Five Go to Demon's Rocks
- First edition
- Author: Enid Blyton
- Illustrator: Eileen A. Soper
- Language: English
- Series: The Famous Five series
- Genre: Mystery, Adventure novel
- Publisher: Hodder & Stoughton
- Publication date: 1961
- Publication place: United Kingdom
- Media type: Print (hardcover and paperback)
- Preceded by: Five on Finniston Farm
- Followed by: Five Have a Mystery to Solve
- Text: Five Go to Demon's Rocks online

= Five Go to Demon's Rocks =

1961 children's novel by Enid Blyton

Five Go to Demon's Rocks is the nineteenth novel in The Famous Five series by Enid Blyton. It was first published in 1961.

==Plot==
Irascible scientist Quentin Kirrin informs his wife, Fanny, that his colleague, Professor Hayling, will be arriving a week early for a stay at Kirrin Cottage. The professor is accompanied by his son, Tinker, who often has a sudden urge to start imitating vehicular noises and has brought his pet monkey, Mischief. It is also described that Tinker imitates such noises when he is upset or when someone had been 'horrid' to him. Also arriving are Quentin and Fanny's daughter, George, and her cousins, Julian, Dick and Anne, and George's dog, Timmy. The ensuing crowded and noisy household upsets the two scientists, prompting Tinker to propose that the children spend their holiday at his abandoned lighthouse at Demon's Rocks, located 10 miles away.

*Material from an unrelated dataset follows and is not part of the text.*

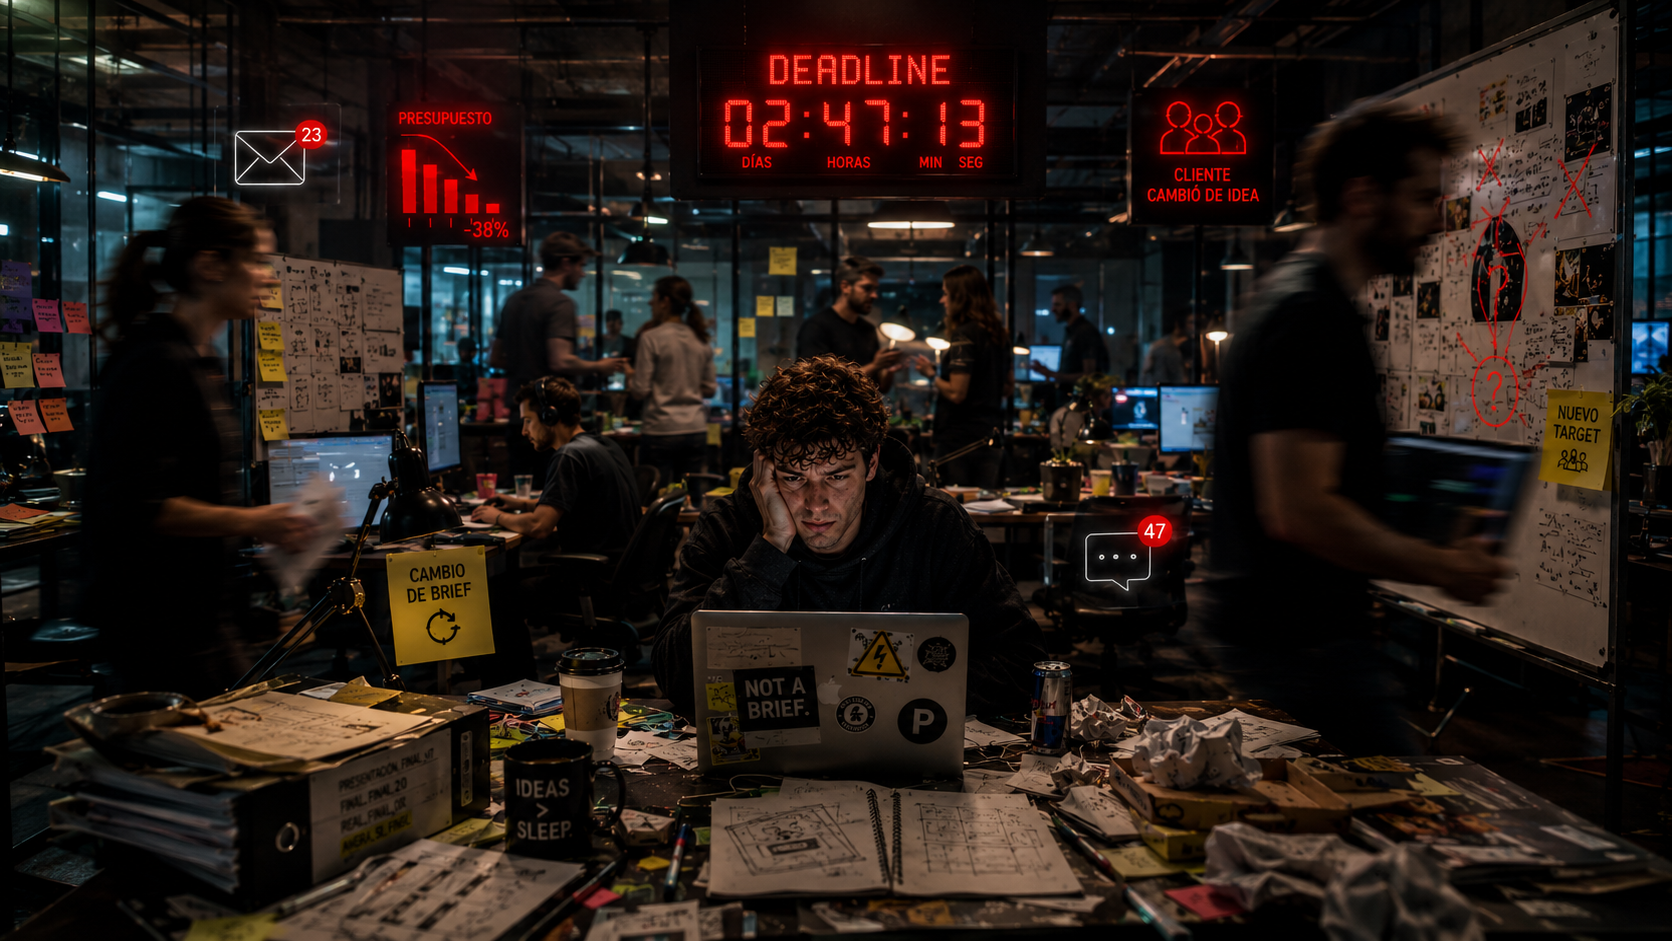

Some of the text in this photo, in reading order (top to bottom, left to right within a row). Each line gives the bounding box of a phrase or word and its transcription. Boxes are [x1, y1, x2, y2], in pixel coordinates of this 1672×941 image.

After settling in at the lighthouse, the children meet an elderly retired sailor, Jeremiah Boogle, who tells them of his youthful encounters with three villains who lured ships to Demon's Rocks and plundered the wrecks. He says the ringleader, One-Ear Bill, hid a treasure trove which has never been found. Two of One-Ear Bill's descendants, Jacob and Ebenezer, now show tourists through the wreckers' cave. Jacob burgles some items from the lighthouse and also steals the key. When the children visit the cave, Mischief discovers a gold coin. Later, Ebenezer and Jacob lock the children in the lighthouse to prevent them from returning to the cave to hunt for the treasure, but Julian and Dick enter the cave network via a tunnel and discover the treasure. Unable to reach the mainland because of the rising tide, they return to the lighthouse, light its lamp and ring an old warning bell amid a fierce gale to alert the villagers to their fate. Jacob and Ebenezer flee, and the children are rescued the next morning. Julian and Dick declare they will recover the treasure for the police and then the children will return to Kirrin Cottage.

==Adaptations==
The gamebook The Wailing Lighthouse Game (1985) was based on this novel.